Thursday, March 27, 2014
National MS Awareness Month || ANNIVERSARY: Preliminary Diagnosis
One year ago today, I got a call from my primary care physician telling me that he and the radiologist concurred, that they examined my enhanced MRI and both agreed that I had evidence of lesions on my brain consistent with MS.
Multiple Sclerosis.
I was at a coffee house waiting for my mother in law to be finished with her hair appointment. I was doing homework and had to go outside to take the call because it's a known bad cell zone there. I saw my doc's phone number on the caller ID and left all my stuff at the bar, including my Kindle and my wallet. I couldn't get out of that noisy bar fast enough to hear what he had to say.
I remember my voice being high-pitched and overly loud when I said, upon hearing the news:
"O-o-o...K-a-a-a-y..."
When I'm nervous I laugh or chuckle. I didn't do either. Instead, I took a deep breath and said, "Well, at least it's not a tumor and it's not Parkinson's."
Which the doctor happily confirmed.
Please note, this was the date of my preliminary diagnosis; I still needed to go in for further tests to confirm their findings, so while I was confident that my docs were accurate, I still had a little tiny thread of hope in there that they might be wrong. But those clarifying diagnostic tests were yet weeks away. So... How did I respond in the meantime?

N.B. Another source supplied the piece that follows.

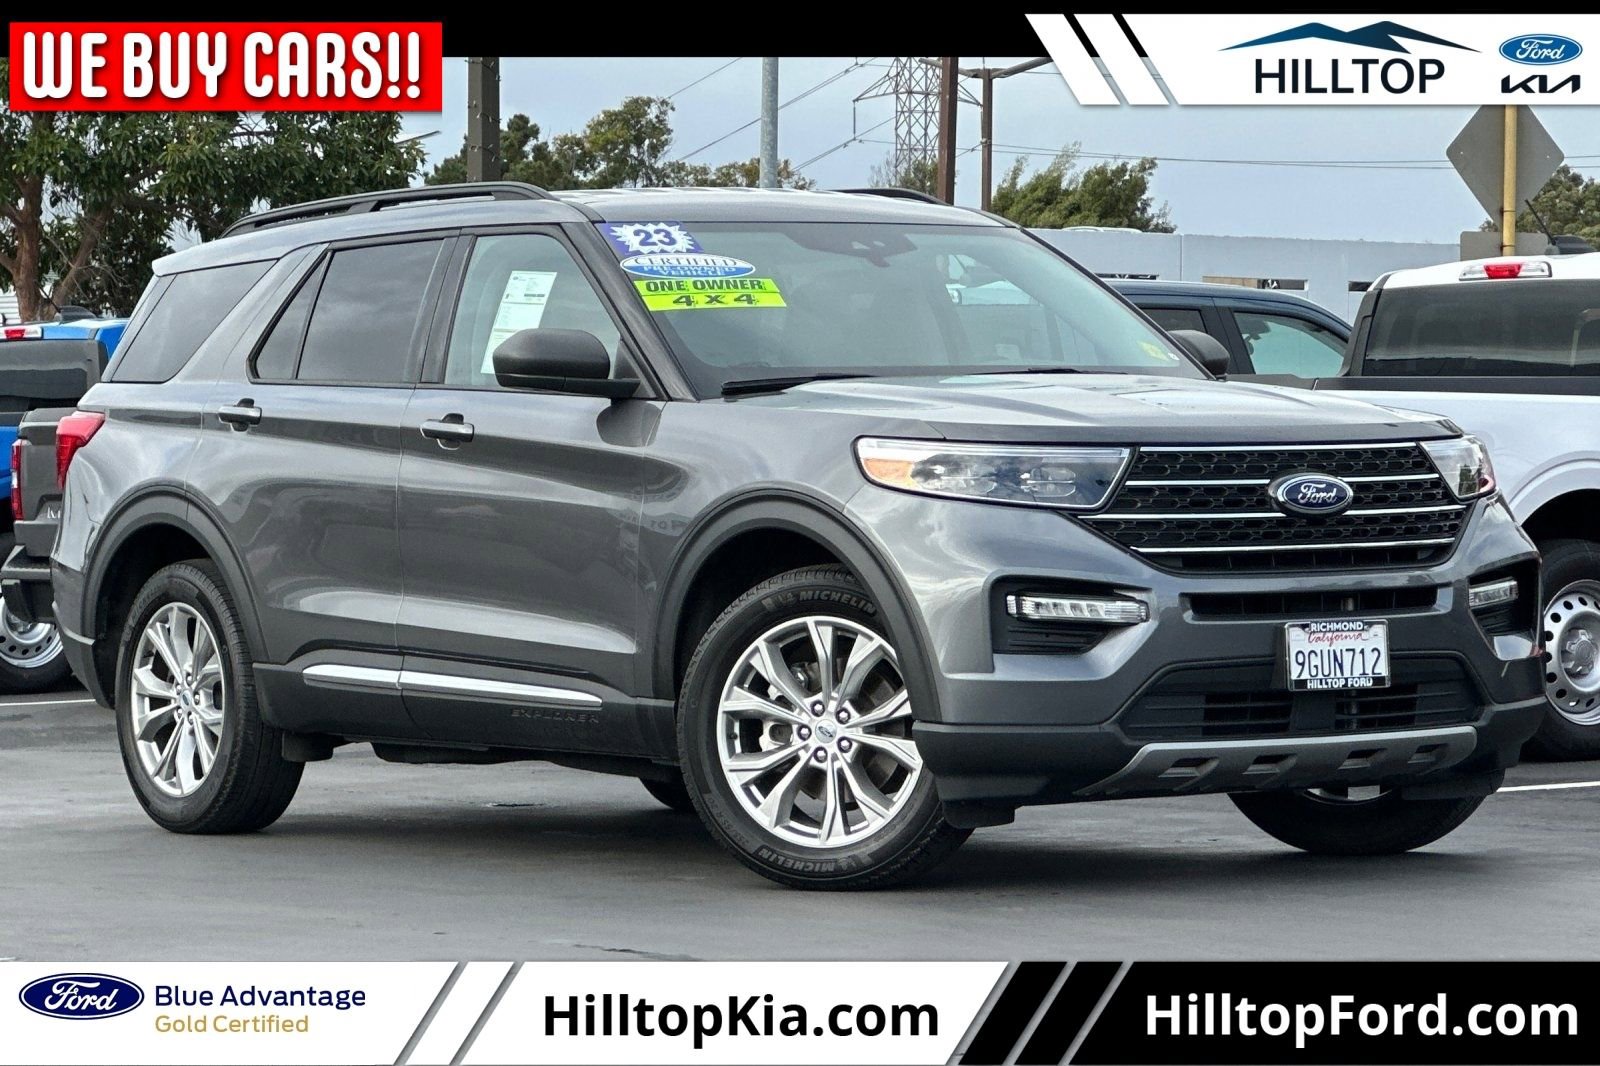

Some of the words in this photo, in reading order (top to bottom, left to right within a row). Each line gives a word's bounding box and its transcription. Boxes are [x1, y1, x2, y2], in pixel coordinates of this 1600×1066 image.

Relief. Finally. An answer.
Denial. Okay, maybe the next, more intense tests will be more conclusive and maybe they were wrong about those white spots on my brain after all.
Fear. Crap! What does this mean? Crap! Crap! Crap!
Resentment. Why now? I just made a huge career change! Now what do I do? Was all this for nothing?
Examination. How long have I had these symptoms? What clusters of symptoms do I remember? What can I find out about MS now, and will scrying WebMD via Google make any of it go away? (No.)
Preparation. Hmmm, time to re-examination the diet, exercise, sleep and other health patterns I control to see how well I can fight back. Because I'm not going to take this lying down.
Sadness. I don't wish I was in a wheelchair, but I do wish people understood that my brain is not working right and I can no longer be 100 percent the person I used to be, which was all intellectual and clever and such. My brain is WHO I AM. My mind is now a steel trap with a lotta holes in it. And that makes me want to cry because I'm a writer and a thinker and a speaker and a teacher and I need my brain to not turn into a sponge because then, WHO WILL I BECOME?
Acceptance. Fine. I have friends with MS, and they are doing okay. I can't change this reality. I can help myself to feel better and to keep the disease from progressing, but I can't make things better by sitting around all day gazing at my navel. I am better off focusing on what's working and what's sustaining me in life, not on the possibilities of what bad things could happen. No reason to curl up into a ball and stop living. I have a great job, a mostly supportive family, amazing friends and, what's that? Remission? Yes, by gum, I think I might be in remission! Count your blessings, wouldja?
Yeah. I lost some sleep, my appetite. I cried. I laughed and made jokes about it. I read WAY TOO MUCH on the Internet. I talked to my friends with MS. I began to interpret every little odd physical feeling as a major symptom. There were days when anxiety built up inside me so much that I couldn't take a full deep breath without thinking I might explode. Always, there was the stinging reality that I could die, not from MS, but like an AIDS patient, from complications of the disease.
And I developed what I call "diagnosis brain," which is kind of like pregnancy or cancer brain... you develop a sudden, irreconcilable awareness that your body is now on a different, one-way journey and there's no going back to that old normal. Suddenly I'm walking around in a new normal, which is not normal at all, but foreign. Think Dorothy and the Wizard of Oz.
Better yet... Did you see Gravity? I felt like I was out in space when I got my diagnosis, like Sandra Bullock, hooked up to a suit, breathing, watching everything stable around me break apart, but still having some hope that there were still anchors out there for me to latch on to. I just had to use everything in my possession to figure out how to do that, while not knowing about what other surprises lay in wait for me (good and bad).
I'm still not sure even this truly captures what it feels like to have diagnosis brain. I'm happy to say that I mostly don't have diagnosis brain a year later. And I'll talk more about that another time.
I'll end this passage saying just this: I am grateful it only took a couple of months to go from preliminary diagnosis to confirmed differential diagnosis. I have friends who are still trying to figure out what is wrong with them. Autoimmune disorders are like that: insidious mimics which are hard to capture in tests. I have two dear friends walking that path right now, and I ache for them, because at least my pathway from the old normal to the new normal was finite. That untethered, out-in-space feeling of limbo is nothing I care to endure again any time soon.